The thought crossed her mind that the very chains that she'd spoken of could also hold two people together who hated each other, but she knew what she was and she'd make the changes in herself. For him, it was worth it to come down from her high perch since right now, she was only the high priestess to one very special warrior.

He was a warrior, but out of his hunger, she would make him into what the faith had never had, and after he became her warrior-priest, well, ...

She saw the makings of a king in him. She had to allow him the room to grow into these things.

--------------------------

He came to himself with his head down on the table. He sat up and wondered how he'd gotten from the floor by the hearth to here. She noticed that he was awake and smiled.

"Wine," she said, offering him the goblet.

"I have not had any," he said, sitting up fully and giving his head a shake.

"That is so," she grinned, "only have a little now and I will tell you what you would know."

He took the goblet. "How did I get..."

"We were there and now we are here," she shrugged. "Do you remember our talk inside then? You fell into the trance. It will not happen again, only the first time."

He thought about it and remembered, "Yes, but I don't think that I can remember everything."

She nodded, "It is alright, Lugalbanda, as long as you remember the feeling of the whole. Can you remember this?"

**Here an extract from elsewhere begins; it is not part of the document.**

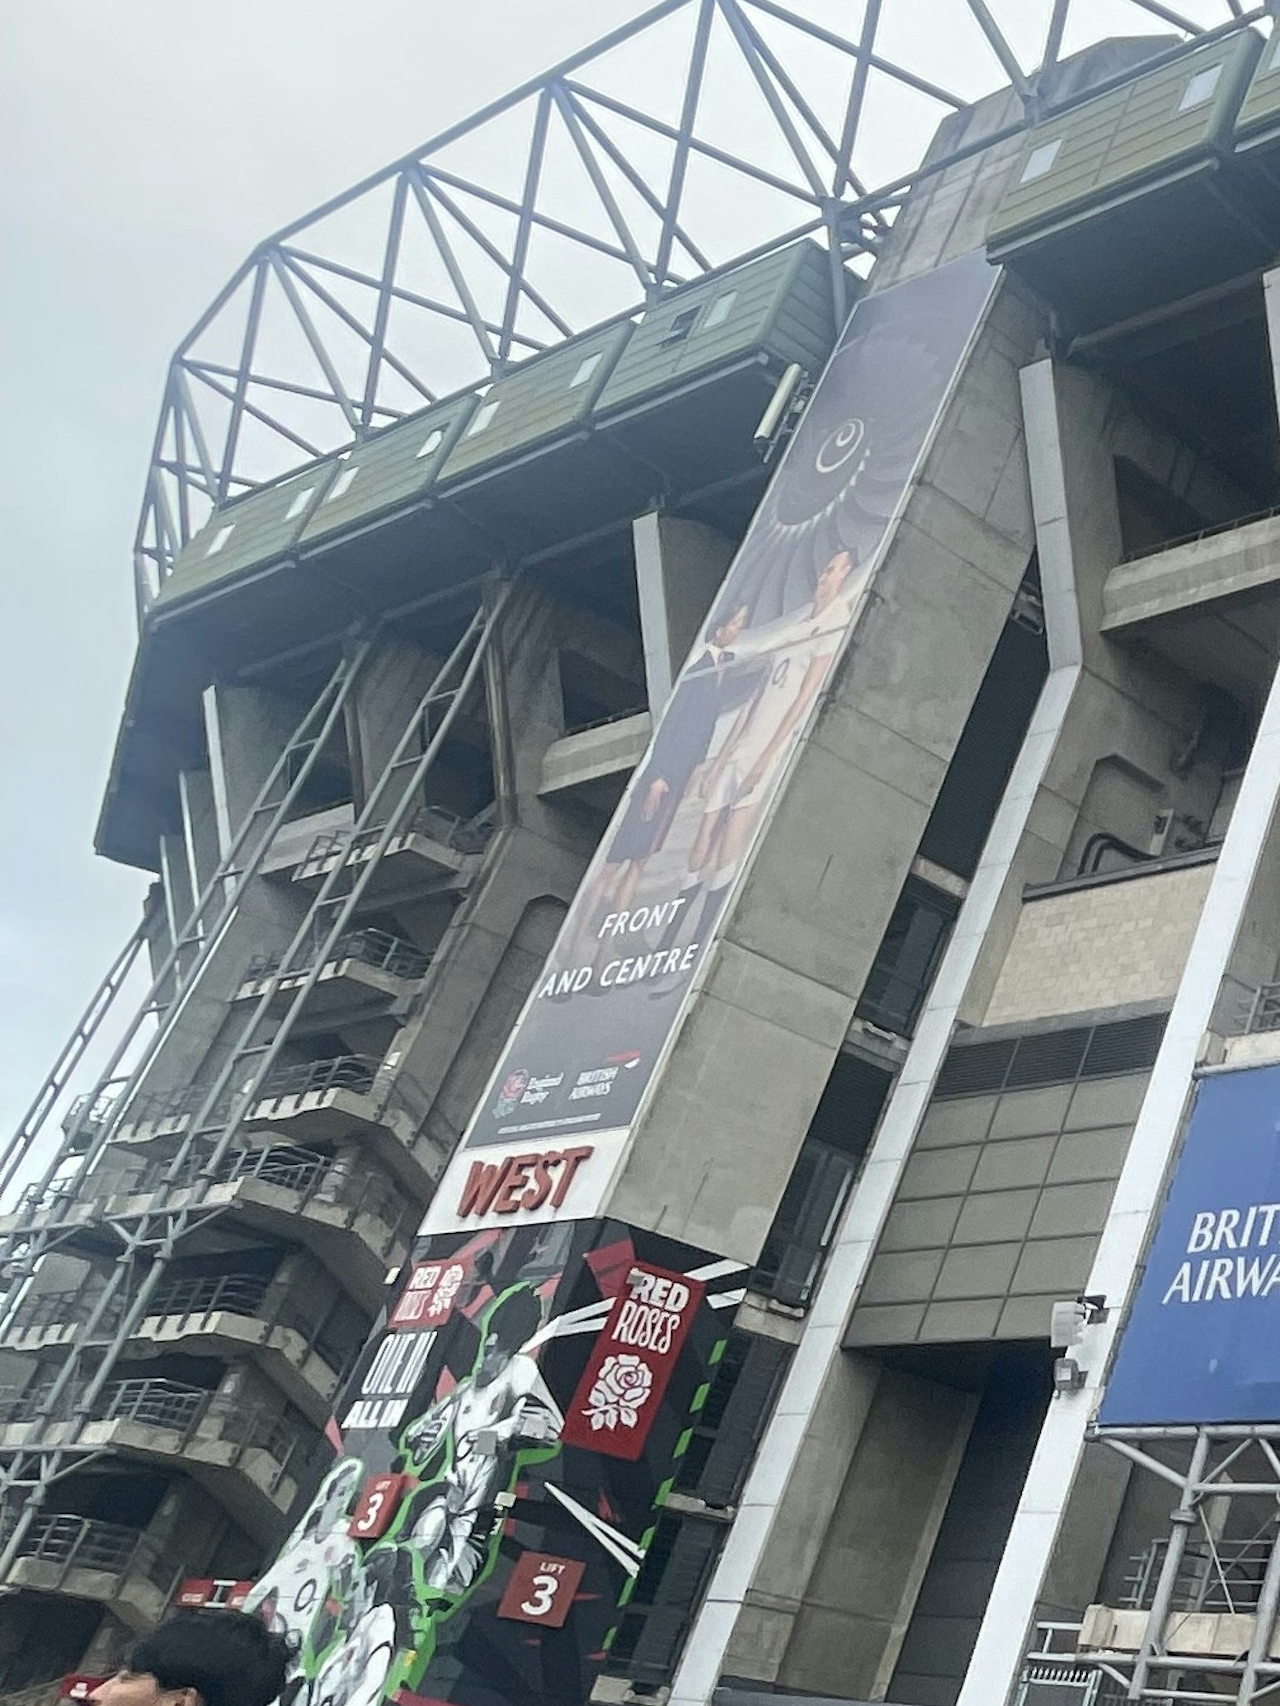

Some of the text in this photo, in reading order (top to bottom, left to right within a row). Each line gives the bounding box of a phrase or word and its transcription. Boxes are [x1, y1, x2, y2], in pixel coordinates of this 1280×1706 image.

He nodded cautiously, "Nisi-ini-su, ... what I said then ..."

She chuckled as she waved her finger, "What you said then was the sound made by your large heart howling out its hope in truth, not the careful words that you would tell me now. There are no swords or blades or arrows in that place and there are none here between us. We have seen each other's hearts and so it is done, Lugalbanda – enough for us to begin when we do."

"But –"

She grinned at him, "Oh please, mighty one," she said, "please begin now to make your own hen sounds to me." She reached over, "Give me your hand."